The game takes place in the Crimson Skies universe, set in an alternate history of the 1930s. In this fictional setting, increasing sectionalism within the United States of America has caused the country to splinter into numerous sovereignties, whereas in the southern sovereignty, slavery had been reinstituted, and was a major driver of conflict between the established nation-states resulting in a constant state of war with one another, and thus an interstate highway system never developed. This in turn caused the primary means of transportation to shift from the car and train to the plane and Zeppelin; consequently came the formation of air pirate gangs who plunder aerial commerce over North America.

As a result of the events surrounding the world of Crimson Skies, advancements in technology within the game universe proceeded at a faster rate than actually occurred in the same era. Certain designs and technologies were created specifically for the game, some beyond the scope of actual 1930s technology, examples of which include remote-controlled rocket launchers, magnetic rockets, weather control devices, and a Tesla coil-like weapon. The game's aircraft were designed to be true to the era yet unique, with some models inspired from actual period aircraft or from the experimental designs of the Luftwaffe. Art director Robert Olson has stated that his team faced challenges in developing content that "fit the time setting" and was also "both fantastical and believable", particularly in the design of the game's bosses.

The game takes place in four regions set in North and South America. Sea Haven is an island in the Nation of Hollywood; it is a refuge for various pirate groups, but the Hollywood militia attempts to uproot the raiders. Arixo is a desert nation-state, formed from the remnants of Arizona and New Mexico. Due to its vast, desolate, and lawless expanses, Arixo has become a haven for bandit activity. The Navajo Nation is an isolationist and militant haven for the Navajo Native American tribes that encompasses territory from the former states of Arizona, New Mexico, Utah, and Colorado. Chicago remains an industrial city, while the "Lost City" is a complex of ancient ruins located deep in South America. In designing many of these environments, developers used inspiration from real-world locales, but reworked them to incorporate flight spaces accordingly with the Crimson Skies universe. For example, Chicago was significantly redesigned for High Road to Revenge with the addition of avenues for aerial commerce among its skyscrapers and landing areas within the buildings themselves.

===Characters===
The player character is Nathan Zachary (voiced by Tim Omundson), leader of the Fortune Hunters air pirate gang.
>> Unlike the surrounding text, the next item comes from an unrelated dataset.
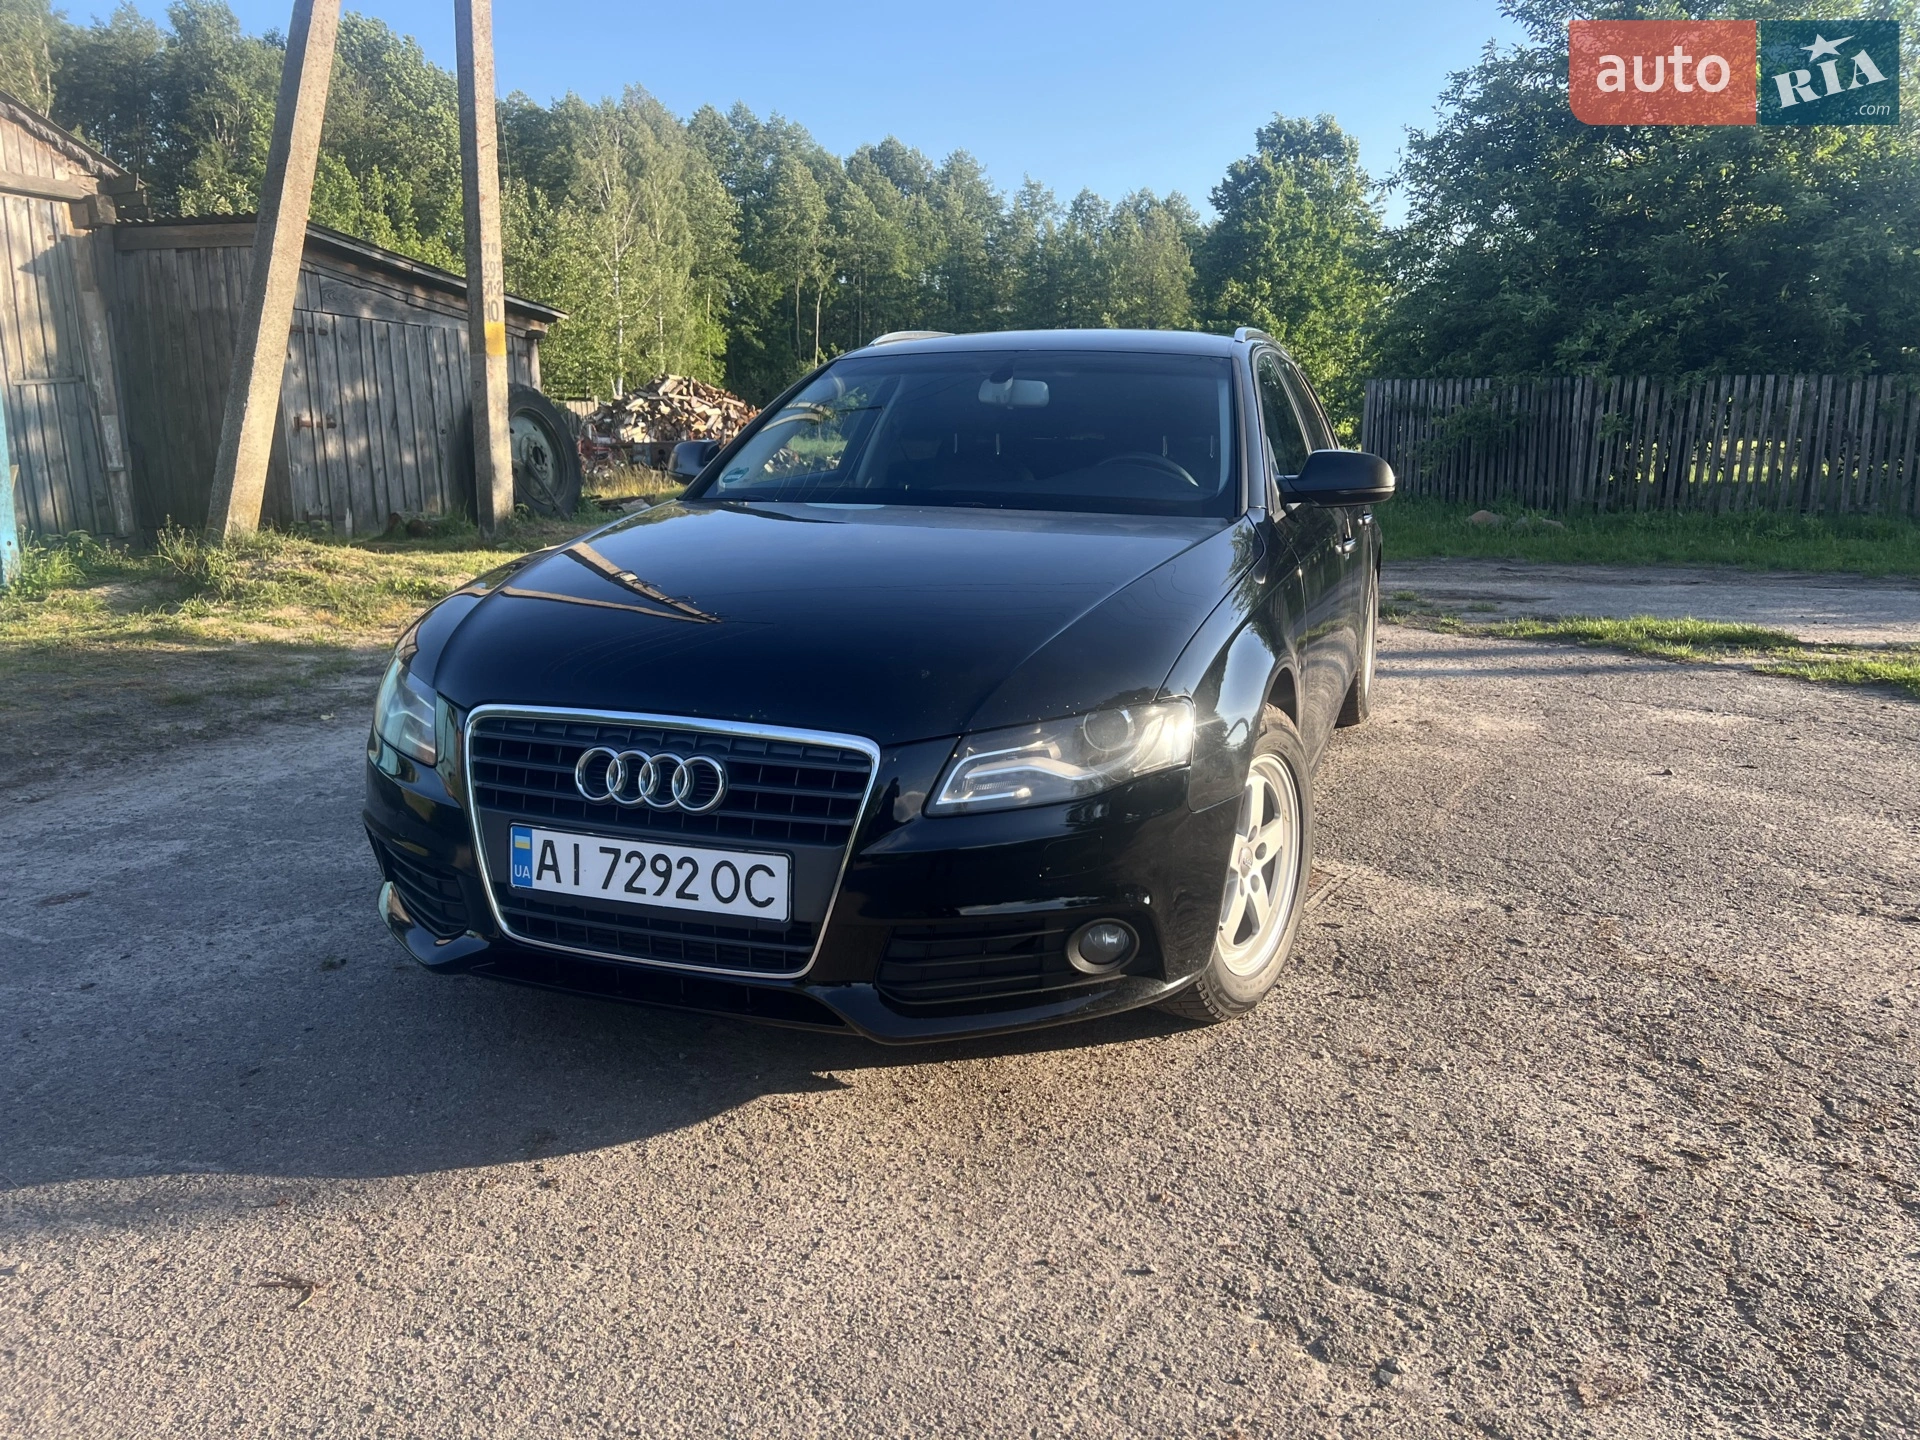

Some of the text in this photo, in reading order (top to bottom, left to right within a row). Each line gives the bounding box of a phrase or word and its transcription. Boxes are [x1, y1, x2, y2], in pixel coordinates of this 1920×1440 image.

[514, 864, 531, 879] UA
[536, 839, 776, 908] AI 7292 OC
The character of Nathan Zachary was redesigned from his previous role in the PC game Crimson Skies, redefined by the darker tone of High Road to Revenge in comparison to the "campy" and "pulpy" tone established in the PC game. Zachary's character was also modified to have a number of flaws and weaknesses in addition to his strengths. He is described as having a dry sense of humor, and is also portrayed as a somewhat reckless character. Overall, developers wanted to maintain that Zachary was not "born a hero" and instead was forced to become one as a result of extraordinary circumstances.
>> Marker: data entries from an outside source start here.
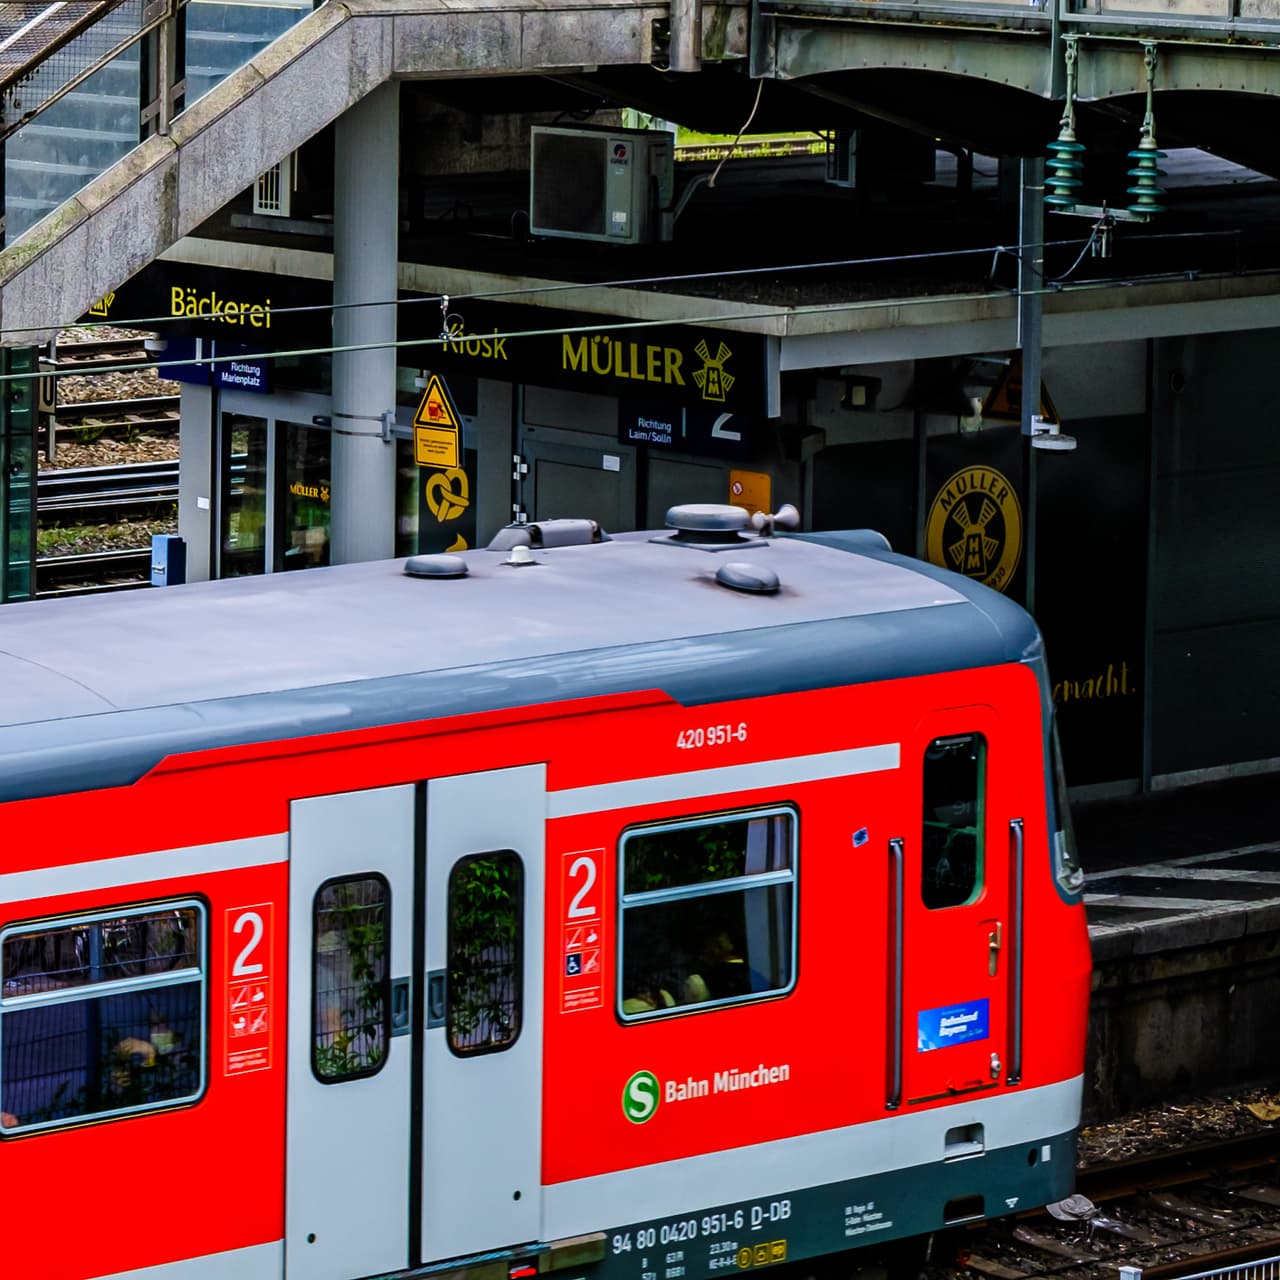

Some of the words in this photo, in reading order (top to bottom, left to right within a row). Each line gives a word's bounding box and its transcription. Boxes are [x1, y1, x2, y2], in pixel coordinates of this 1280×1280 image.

[171, 286, 271, 328] Bäckerei
[442, 323, 508, 361] Kiosk
[561, 334, 686, 387] MÜLLER
[221, 372, 261, 387] Marienplatz
[230, 362, 260, 377] Richtung
[628, 429, 672, 445] Laim/Solln
[637, 417, 672, 434] Richtung
[676, 728, 705, 750] 420
[706, 722, 747, 746] 951-6
[567, 856, 597, 919] 2
[231, 911, 265, 978] 2
[628, 1073, 656, 1121] S
[665, 1077, 708, 1104] Bahn
[713, 1062, 790, 1095] München
[612, 1233, 632, 1255] 94
[636, 1228, 656, 1249] 80
[660, 1219, 697, 1245] 0420
[701, 1210, 744, 1236] 951-6
[750, 1199, 792, 1231] D-DB
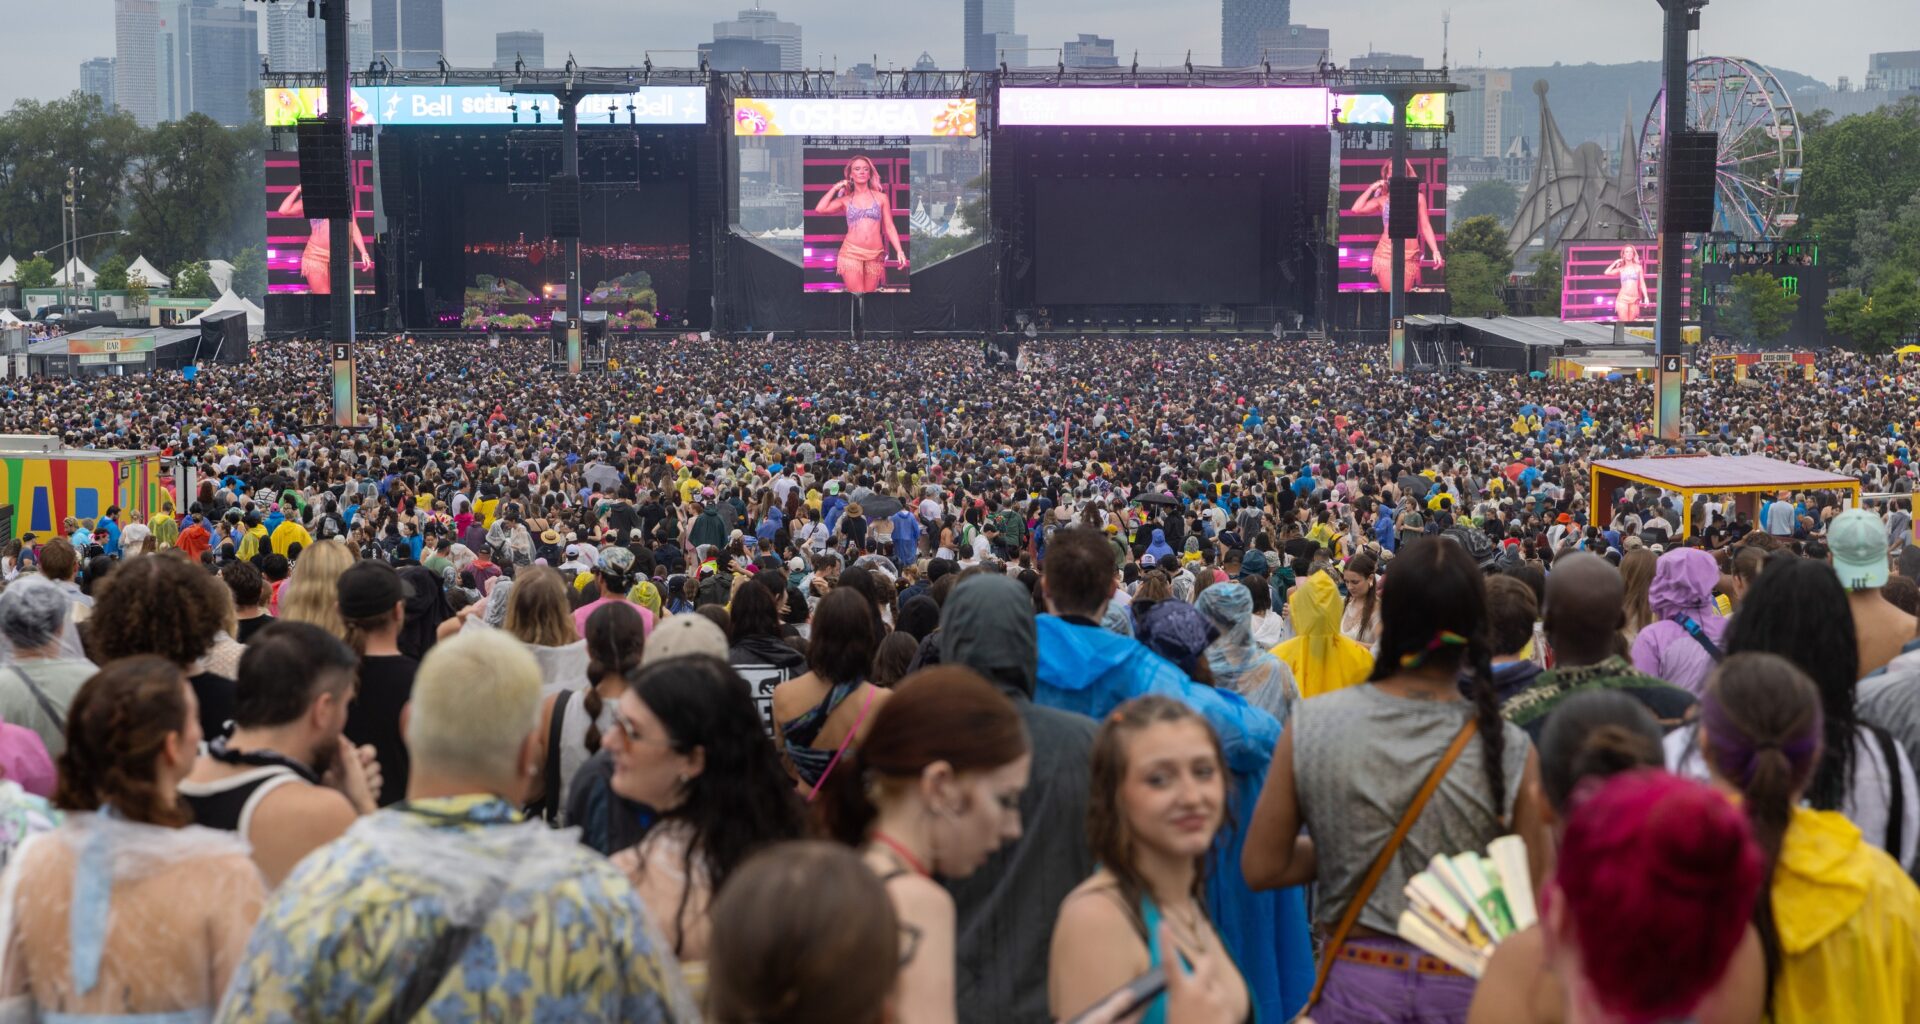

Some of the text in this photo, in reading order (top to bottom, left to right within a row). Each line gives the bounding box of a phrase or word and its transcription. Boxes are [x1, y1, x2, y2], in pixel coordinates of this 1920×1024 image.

[412, 94, 452, 117] Bell
[633, 94, 672, 117] Bell
[788, 103, 921, 131] OSHEAGA
[570, 271, 575, 280] 2
[570, 320, 576, 329] 2
[1396, 320, 1401, 329] 3
[106, 341, 119, 350] BAR
[337, 346, 345, 359] 5
[1668, 358, 1676, 370] 6
Other members of the Fortune Hunters include Zachary's wingmate, "Brooklyn" Betty Charles; and "Big John", who captains the Fortune Hunters' Zeppelin base, Pandora. Later joining them is the adventurer Maria Sanchez, who owns a fuel station in Arixo. Another ally of the Fortune Hunters is "Doc" Fassenbiender, a scientist who has developed new technologies for the pirate group and is a close friend of Nathan Zachary.

Opposing the Fortune Hunters include rival pirate gangs such as the Ragin' Cajuns, led by Louis "Wild Card" Thibodeaux; and the Red Skull Legion, led by Jonathan "Genghis" Kahn. The game's primary antagonist is Dr. Nicholas Von Essen, a German expatriate and leader of Die Spinne (German, "The Spider"), a fascist militia force. The game originally featured a larger cast of onscreen characters and more abundant character development. These, however, were removed when the game's "playable movie" concept was scrapped.

===Storyline===
Crimson Skies: High Road to Revenge begins the morning after Nathan Zachary (Tim Omundson) the leader of the "Fortune Hunters" air pirates, has gambled away his signature fighter plane "Gypsy Magic" (a Hughes Devastator) and his pirate zeppelin, the Pandora, to the Ragin' Cajuns, a rival band of air pirates. Thibodeaux (Jimmie Woods), the Cajuns' leader, attempts to claim Zachary's fighter and Zeppelin; Nathan, however, with the aid of Betty, another member of the Fortune Hunters, manages to recover them both. Nathan and his crew have another run in with the Ragin Cajuns when Thibodeaux steals Betty's plane, which prompts Nathan to destroy his pirate gang. Later, Nathan receives a distress call from Nathan's old friend Dr. Fassenbiender (Neil Ross), who reports a break-in at his lab. He informs Nathan of what he believes had been the target of the attempted burglary: his plans to construct a wind turbine, a device capable of artificially generating storms. He warns Nathan about Von Essen (Charles Dennis), a scientist who had unsuccessfully tried to engineer a wind turbine for a German superweapon earlier during the Great War. Suspecting that Von Essen had been behind the break-in, Doc entrusts Nathan with the schematics for the turbine.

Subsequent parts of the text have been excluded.